In reply to # 1507448 by Doc250 Krom;

Excellent observations. The rebuild was done by a very reputable shop that had done many engines for club members as well as local racers. I trust his work. All the lifters were new as well as the cam so no need to maintain same lifter same hole. All parts from BPNW. As you can see from my other latest post I am equally concerned about metal bits inside the engine. I really don't want to pull the engine if I can avoid it but may have to. sad smiley sad smiley . Is there any way to "flush" all the oil galleys with the engine installed? I will defiantly pull the oil pump and inspect and clean or just replace it.

I believe the cam shaft is splash lubricated so is there any way the cam wasn't getting oil? Also, as i understand it, oil drains from the head down through the push rod access holes to lubricate the lifters. The rocker shaft supplies the oil to the rocker arms and that oil drains down through the lifter access holes through the engine. In the process it oils the lifters and cam shaft. Correct?

Doc:

While it is certainly true that oil drains down to lubricate the lobes, at idle and especially after the first start up this is hardly robust enough to insure a trouble free break in. The vast majority of the oiling on the cam is by splash, hence the need to do the 2,000 RPM break in. There must be as much oil as possible on the cam during startup as the lifters bed in.

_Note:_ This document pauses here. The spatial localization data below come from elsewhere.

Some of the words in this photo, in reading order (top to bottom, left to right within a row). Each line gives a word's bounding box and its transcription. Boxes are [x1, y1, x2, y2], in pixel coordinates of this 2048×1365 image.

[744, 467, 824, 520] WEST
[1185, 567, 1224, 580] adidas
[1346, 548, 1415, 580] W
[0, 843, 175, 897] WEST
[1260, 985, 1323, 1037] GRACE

The breakage of the lifter looks like it was a brittle failure, and I am at a loss to explain it unless the material itself had too much carbon and other inclusions in it. Honestly it looks like the iron in the lifter was very impure and very prone to a brittle failure.

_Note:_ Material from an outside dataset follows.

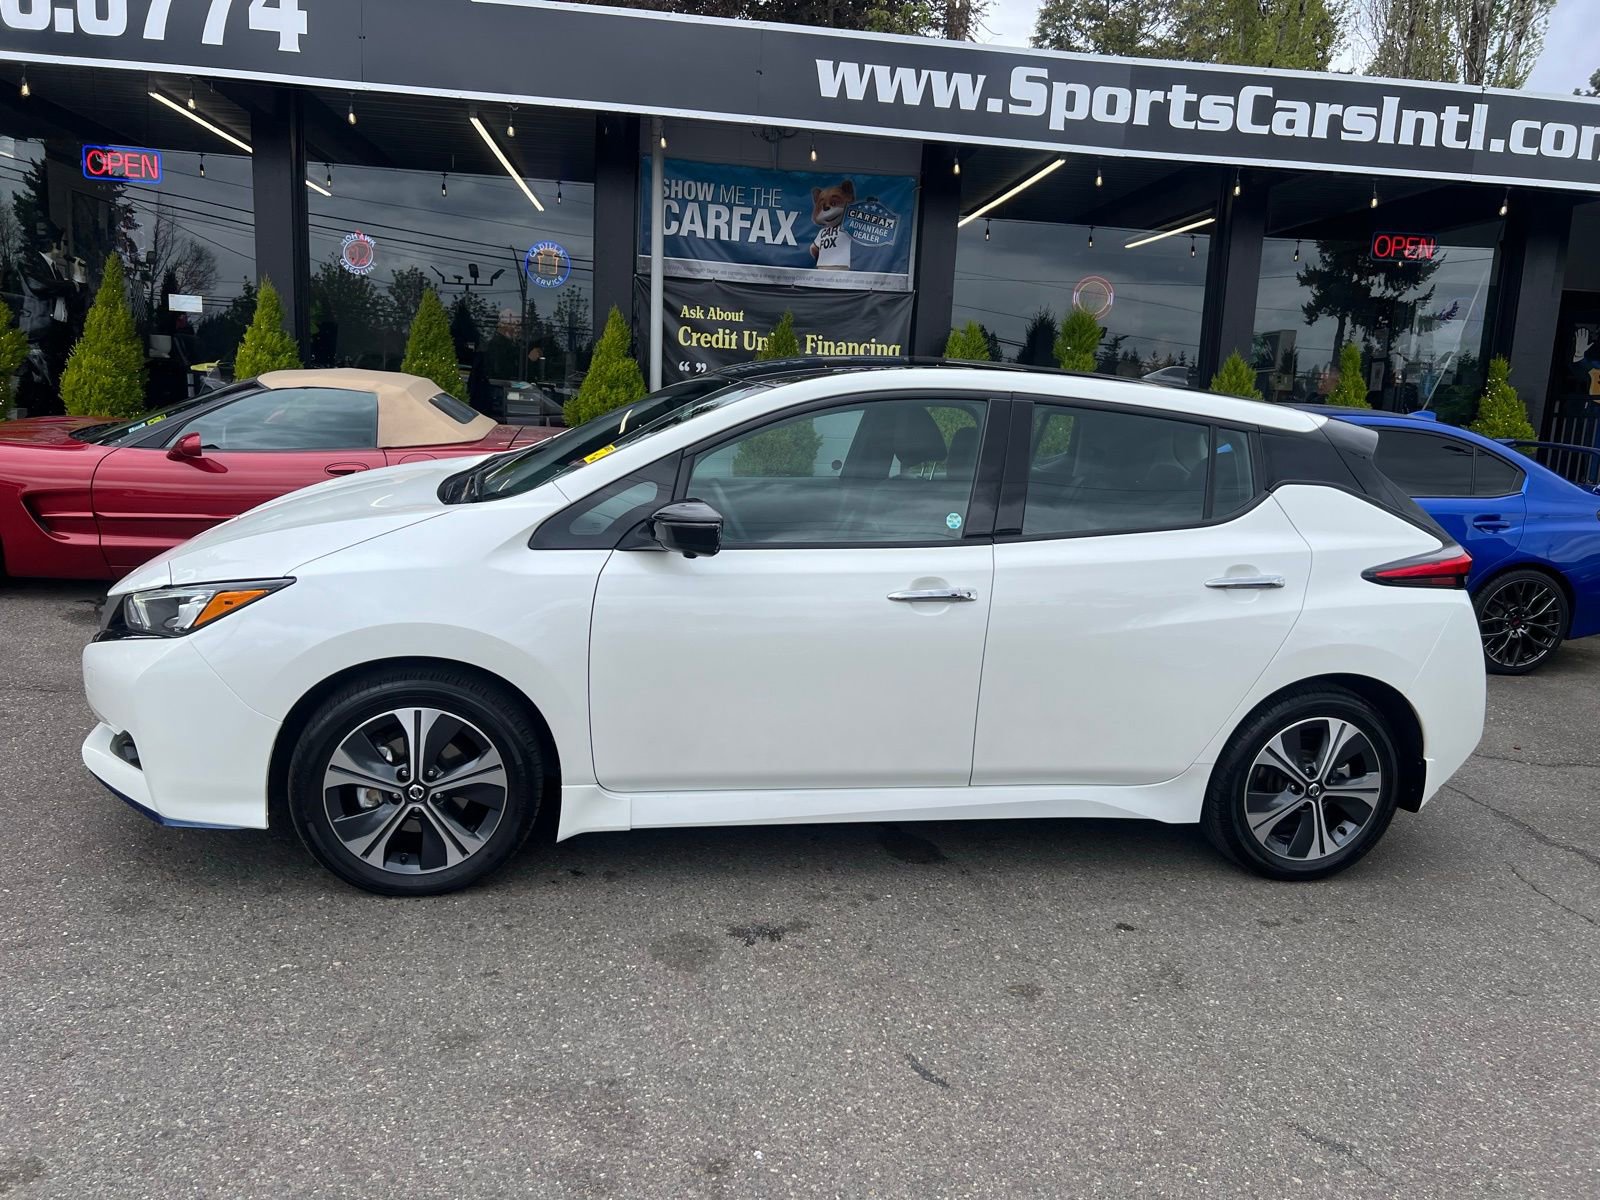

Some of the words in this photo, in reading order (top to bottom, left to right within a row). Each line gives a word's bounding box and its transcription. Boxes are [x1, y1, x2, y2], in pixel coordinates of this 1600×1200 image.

Even so, why that part of the lifter should fracture is not obvious. It has almost no load on it, as it is simply there to guide the lifter up and down, so it has a minimal side loading on it and no compressive or tensile stress. What does the face of the lifter look like?

I must ask, what are the specifications on your cam? To get any side load on the lifter would require a very aggressive lobe profile, such that the perimeter of the lifter face digs into the lobe as the valve is lifted. THAT would put a large side load on the lifter and if the material is brittle it would then fail in that manner.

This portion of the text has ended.